#### [Brief]
Reproduce the entries. Each one must match the original exactly.

#### [The data]
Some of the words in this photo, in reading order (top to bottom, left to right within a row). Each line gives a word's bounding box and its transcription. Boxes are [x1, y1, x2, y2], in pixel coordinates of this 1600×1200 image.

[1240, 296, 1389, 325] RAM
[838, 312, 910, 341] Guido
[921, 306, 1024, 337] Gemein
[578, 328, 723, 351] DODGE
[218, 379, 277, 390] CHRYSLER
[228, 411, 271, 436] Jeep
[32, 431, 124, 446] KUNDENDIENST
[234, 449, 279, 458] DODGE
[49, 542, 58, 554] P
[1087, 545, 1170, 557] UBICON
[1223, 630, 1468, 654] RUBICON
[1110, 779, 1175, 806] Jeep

#### [Task output]
Some of the words in this photo, in reading order (top to bottom, left to right within a row). Each line gives a word's bounding box and its transcription. Boxes are [x1, y1, x2, y2], in pixel coordinates of this 1600×1200 image.

[1240, 296, 1389, 325] RAM
[838, 312, 910, 341] Guido
[921, 306, 1024, 337] Gemein
[578, 328, 723, 351] DODGE
[218, 379, 277, 390] CHRYSLER
[228, 411, 271, 436] Jeep
[32, 431, 124, 446] KUNDENDIENST
[234, 449, 279, 458] DODGE
[49, 542, 58, 554] P
[1087, 545, 1170, 557] UBICON
[1223, 630, 1468, 654] RUBICON
[1110, 779, 1175, 806] Jeep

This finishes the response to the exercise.